In my opinion, however, a better phrase would be ‘Build it and they will not come’. Whilst it may sound brutal, there are thousands of entrepreneurs and founders who could have saved themselves defeat, had they heard this version.
Do people believe ‘build it and they will come’ works?
A short answer, is yes. But why do people choose this strategy, when all of the evidence suggests the contrary?
It is often a combination of naivety and faith in a world where research and facts prevail. Once their startup has failed, it is not uncommon to hear a founder say ‘it was just a risk’, but it would be more accurate to describe it as a mistake. Even more frustratingly for the founder, it is a mistake that is easy to avoid.
Founding a startup requires skills that are not synonymous with business acumen. Having a business background does not mean you have the skills to build, market, and sell a product — and unfortunately, listening to marketing podcasts is not going to solve this issue. Combine this with the fact that most startups begin as side-hustles alongside full-time work, and founders would rather go ahead blindly on their own path, putting off the end product with excuses.
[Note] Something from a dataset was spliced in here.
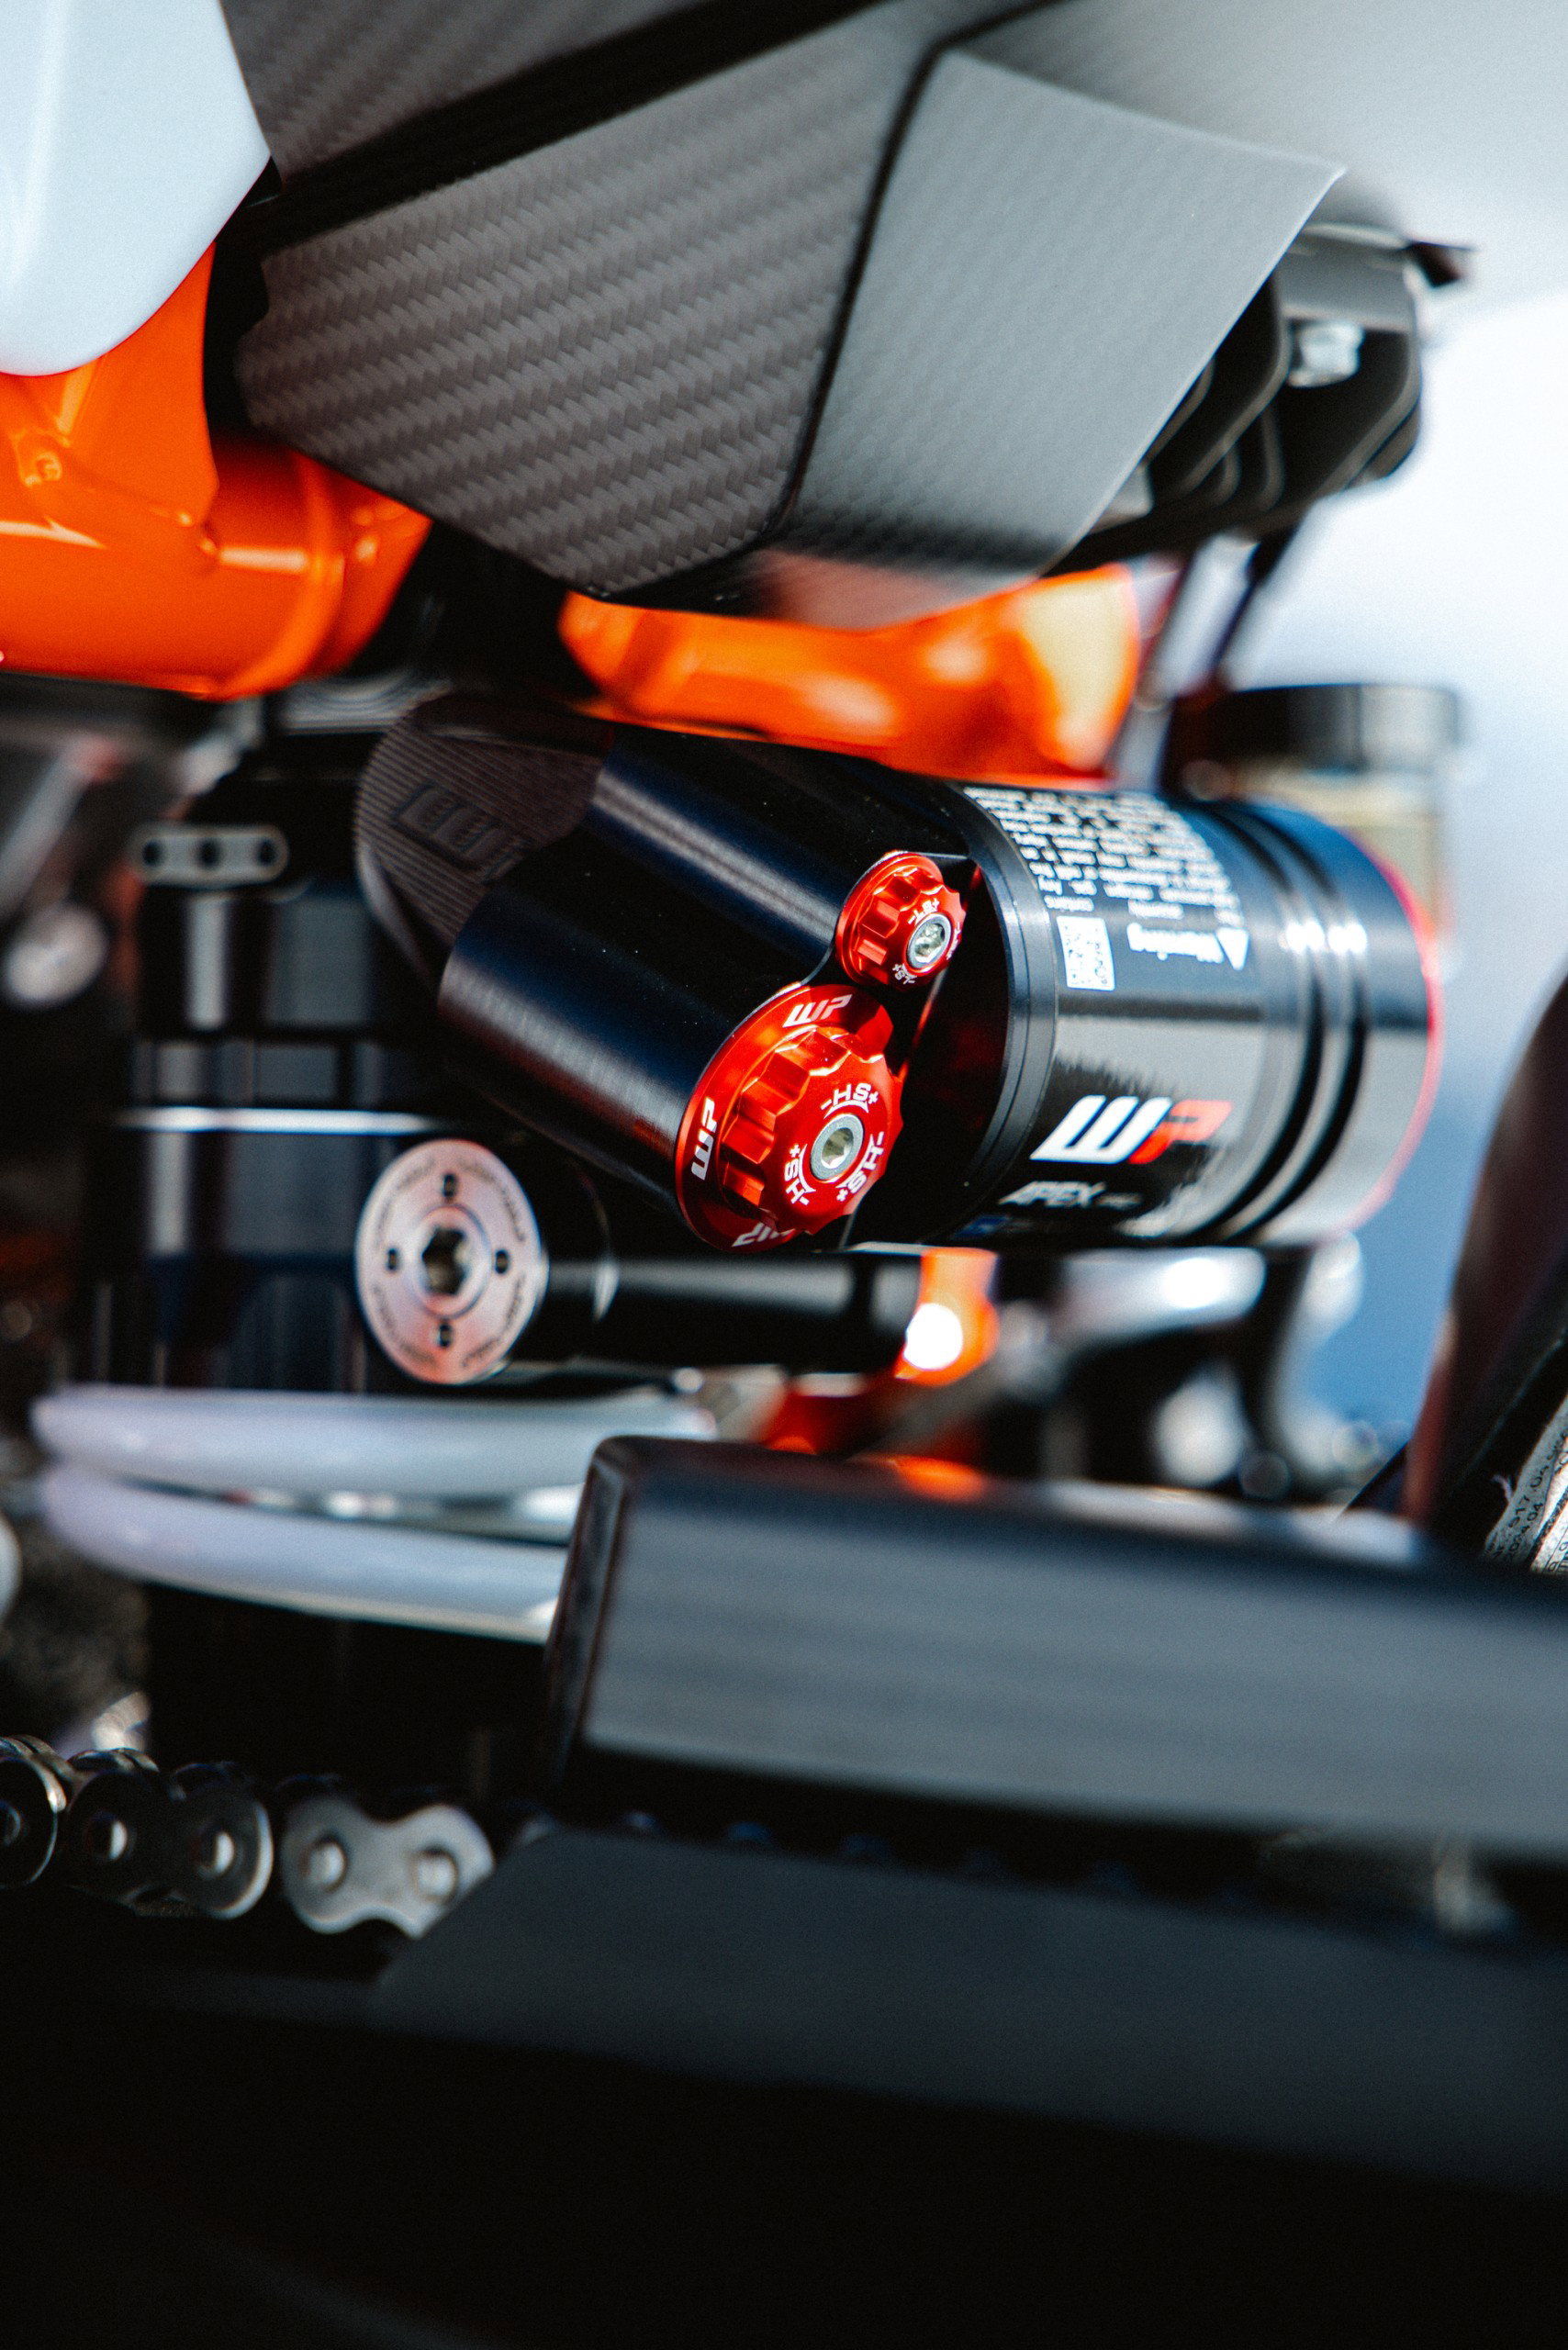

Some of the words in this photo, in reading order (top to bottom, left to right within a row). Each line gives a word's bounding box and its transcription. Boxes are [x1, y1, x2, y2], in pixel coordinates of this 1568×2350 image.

[782, 994, 853, 1028] WP
[690, 1096, 718, 1181] WP
[1029, 1094, 1233, 1165] WP
[998, 1181, 1106, 1207] APEX
What stops it from working?
As visionaries, most entrepreneurs have their sights set on the end-goal of their tangible product, filling gaps in the market, and saving the world. However, taking your product from a thought process to this point is not a two-step plan. To avoid failure, entrepreneurs and startup founders need to implement business processes and seek out the market fit through research.
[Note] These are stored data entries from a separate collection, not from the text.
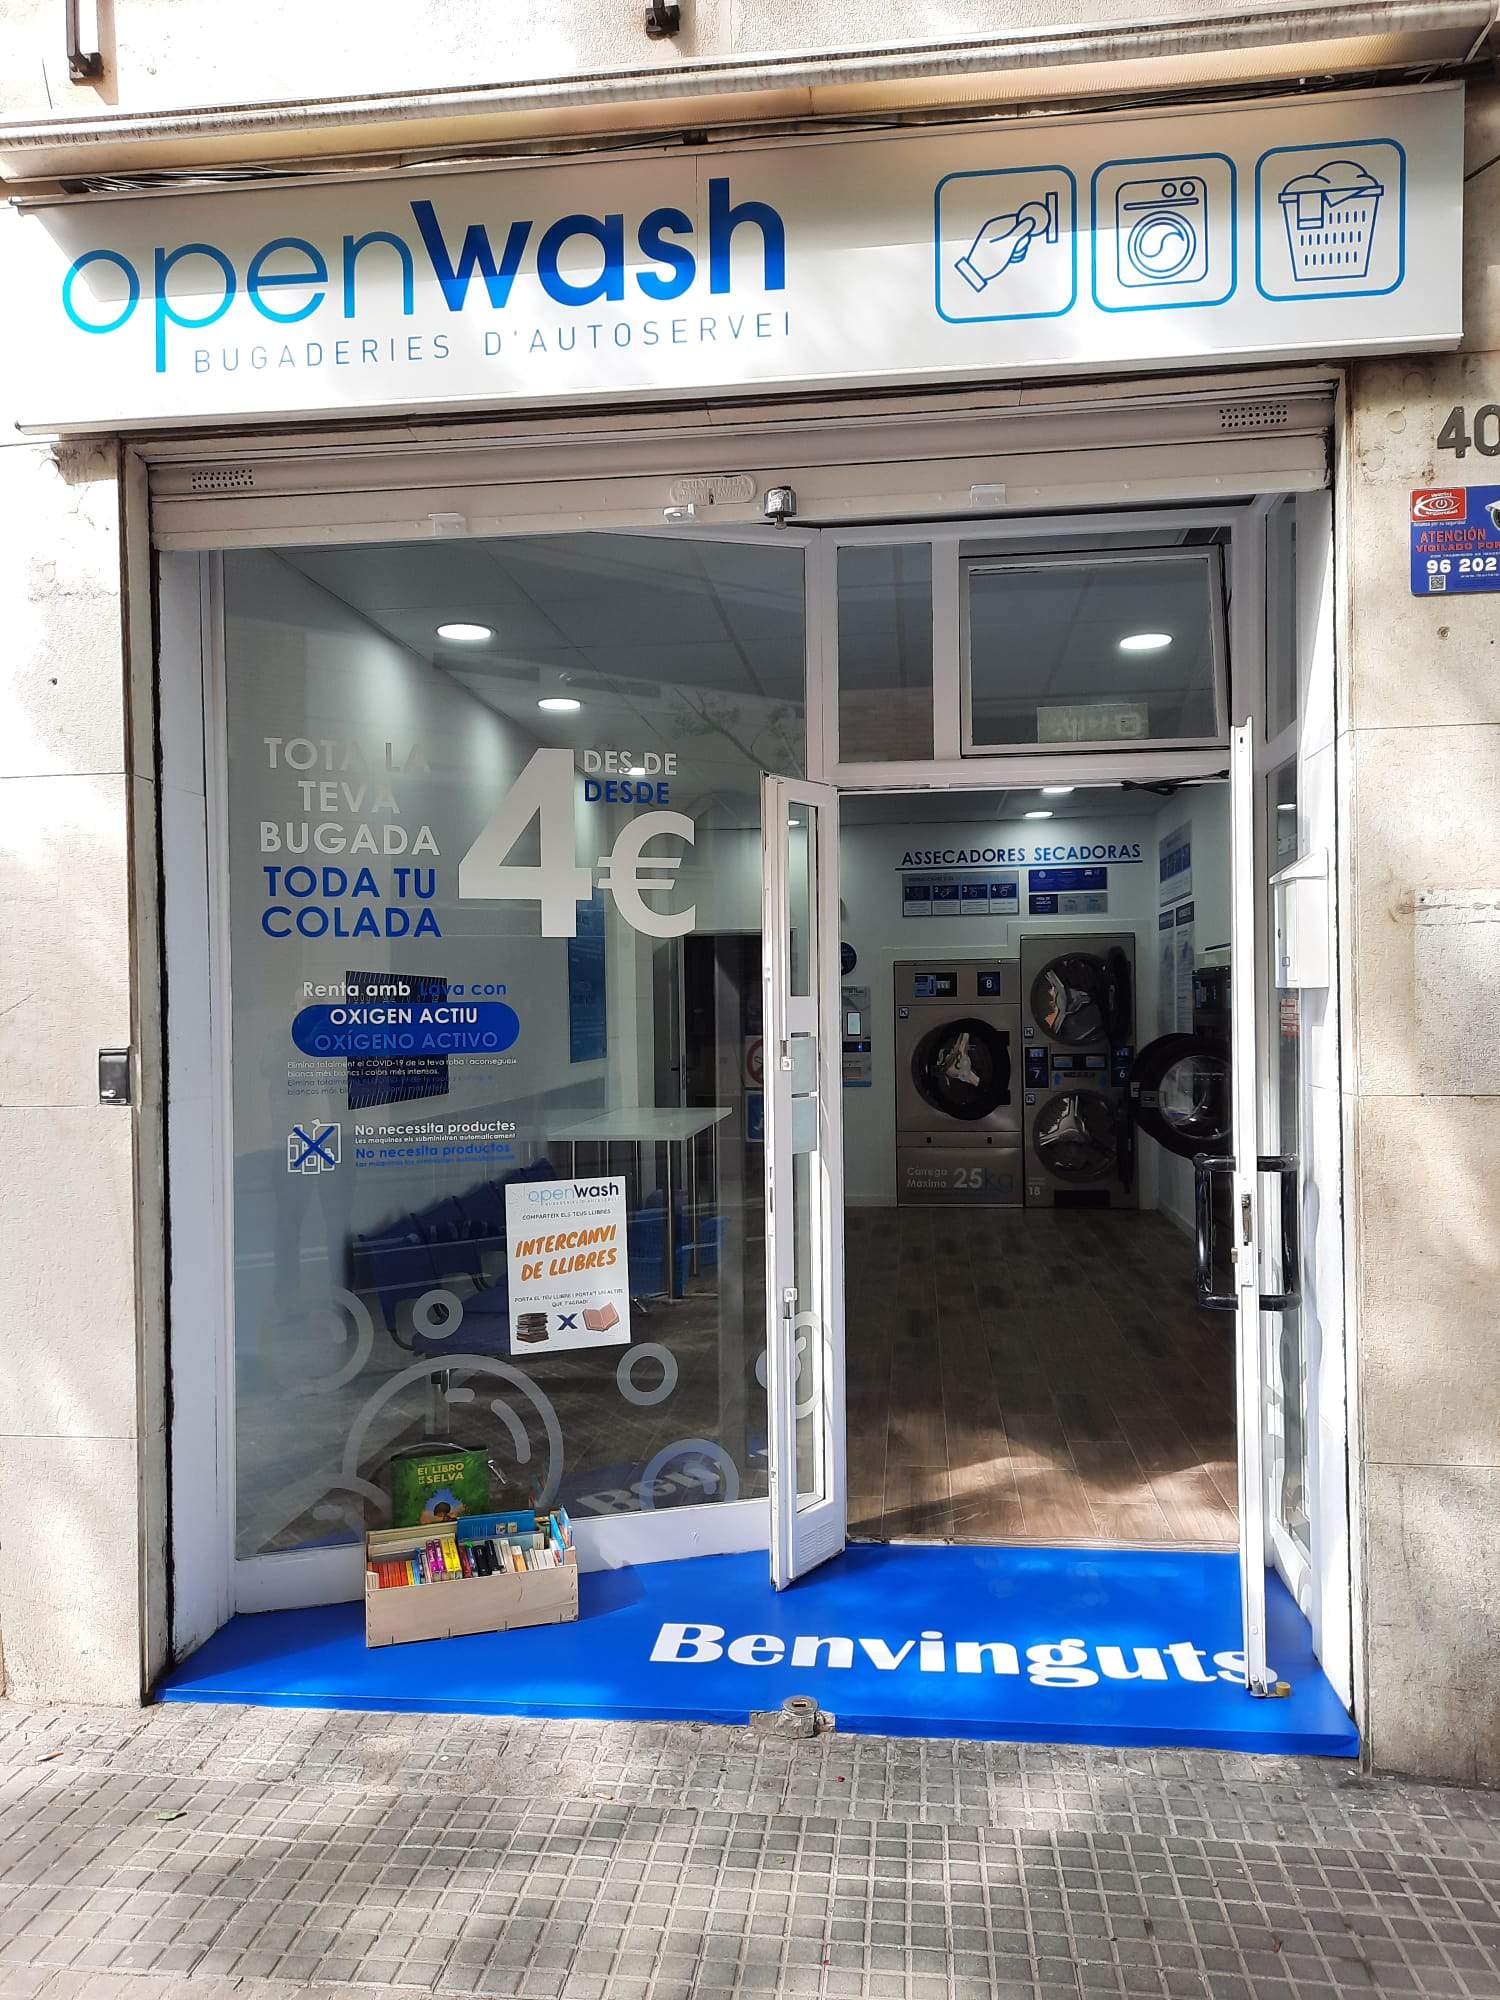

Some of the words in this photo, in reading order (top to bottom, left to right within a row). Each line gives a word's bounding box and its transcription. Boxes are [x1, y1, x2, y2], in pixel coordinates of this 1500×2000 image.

[62, 176, 786, 373] openwash
[194, 334, 451, 374] BUGADERIES
[484, 311, 791, 357] D'AUTOSERVEI
[1436, 405, 1500, 460] 40
[1421, 527, 1487, 543] ATENCIÓN
[1416, 543, 1473, 553] VIGILADO
[1427, 559, 1452, 574] 96
[1459, 557, 1497, 573] 202
[584, 750, 632, 775] DES
[643, 752, 678, 777] DE
[298, 780, 401, 815] TEVA
[584, 779, 670, 805] DESDE
[259, 821, 441, 856] BUGADA
[901, 848, 1026, 867] ASSECADORES
[1033, 843, 1141, 862] SECADORAS
[263, 866, 381, 898] TODA
[393, 867, 437, 900] TU
[261, 906, 443, 939] COLADA
[303, 981, 360, 997] Renta
[366, 980, 411, 997] amb
[472, 982, 507, 996] con
[330, 1007, 413, 1025] OXIGEN
[419, 1007, 479, 1024] ACTIU
[314, 1029, 415, 1051] OXÍGENO
[422, 1031, 499, 1049] ACTIVO
[366, 1059, 404, 1067] COVID-19
[1033, 1068, 1041, 1080] 7
[355, 1125, 375, 1136] No
[378, 1122, 444, 1136] necessita
[447, 1120, 516, 1135] productes
[356, 1148, 375, 1159] No
[379, 1145, 438, 1158] necesita
[528, 1182, 620, 1206] openwash
[515, 1224, 617, 1258] INTERCANVI
[521, 1261, 544, 1282] DE
[549, 1247, 618, 1277] LLIBRES
[426, 1471, 465, 1485] SELVA
[432, 1462, 465, 1474] LIBRO
[648, 1622, 1278, 1690] Benvinguts
Unlike for Kevin Costner in the 1980s, word of mouth is no longer enough to make your product sell. It is vital to be iterating on your idea by researching your customers: interacting with them, unearthing their problems, receiving feedback, and discussing features and solutions. This is what will give your product the necessary depth.
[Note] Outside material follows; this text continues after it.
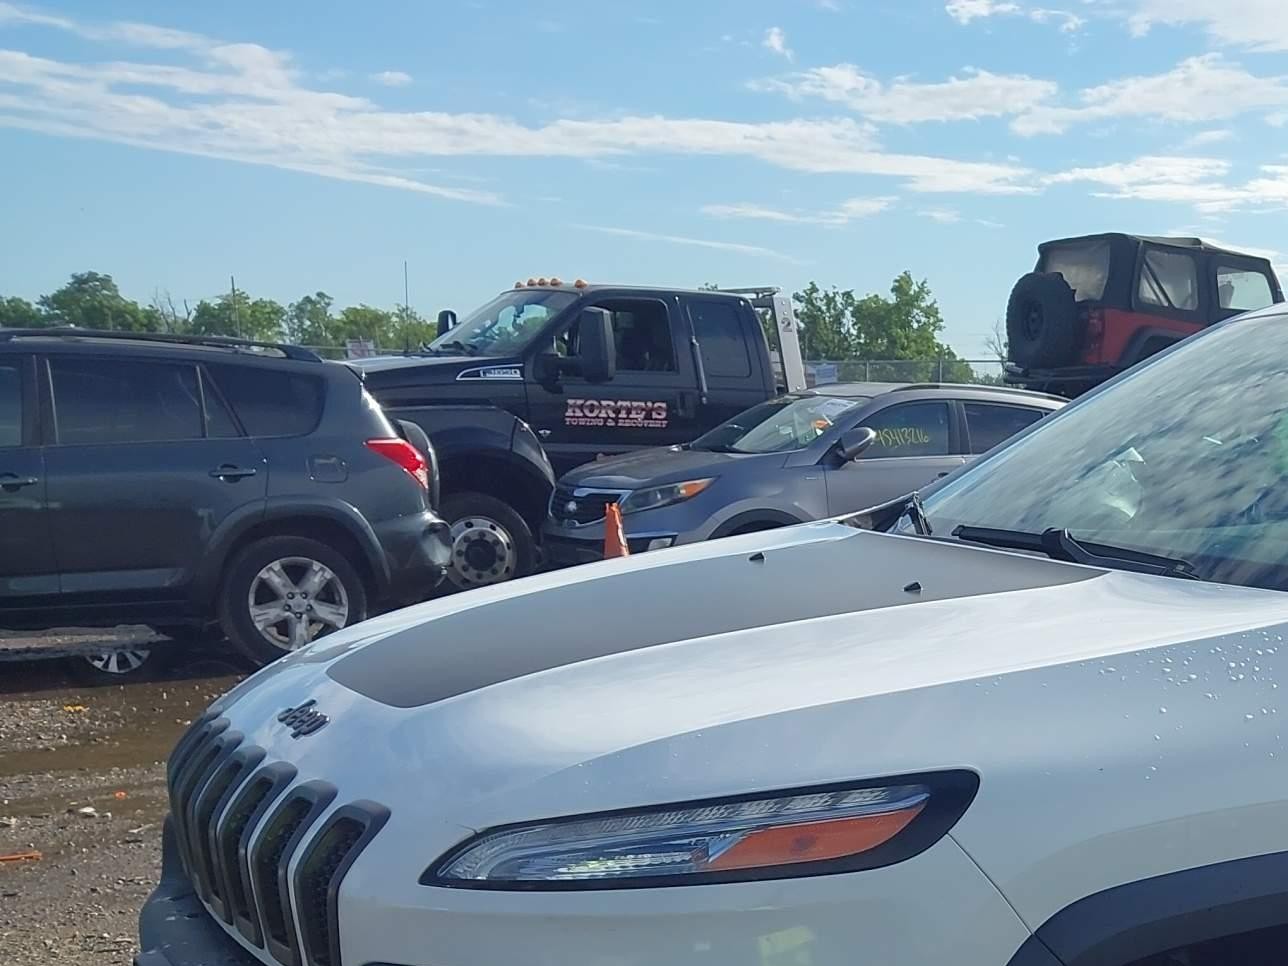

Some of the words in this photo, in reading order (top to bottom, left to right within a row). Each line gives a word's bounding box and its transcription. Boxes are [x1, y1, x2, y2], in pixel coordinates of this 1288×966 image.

[565, 399, 667, 419] KORTE'S
[565, 417, 604, 427] TOWING
[606, 419, 616, 427] &
[617, 419, 668, 429] RECOVERY
When something new comes to market, consumers are naturally tentative to invest money and time into trying out a product. If you have conducted the research necessary, you will find breaking into the market much easier — but this will not happen if you simply build it and expect people to come.
How can you avoid falling into this trap?
It is down to you, as the founder, to ensure you keep your head above the sand. By inputting processes and building a business plan, you will avoid leaving your product to the fates.
Here are three things you can do to prove the market for your product:
- Develop consumer stories As mentioned previously, the key to a successful product talking to your consumers — and not just once or twice. Before you do anything, it is imperative to know what people want and need. Once you’ve established this, you can see where your product will fit.
- Don’t rush to release all features at once How will you know what features your consumer likes and dislikes, if you release all of its features at once? By staging your release and adding features, you can decipher the response to each aspect of your product and enhance it for future releases.
- Be lean Being lean is not one tactic, it is a business mindset to adapt from the off. A lean business will be open to feedback and listen to their customer to eliminate waste through being dynamic and optimising their product.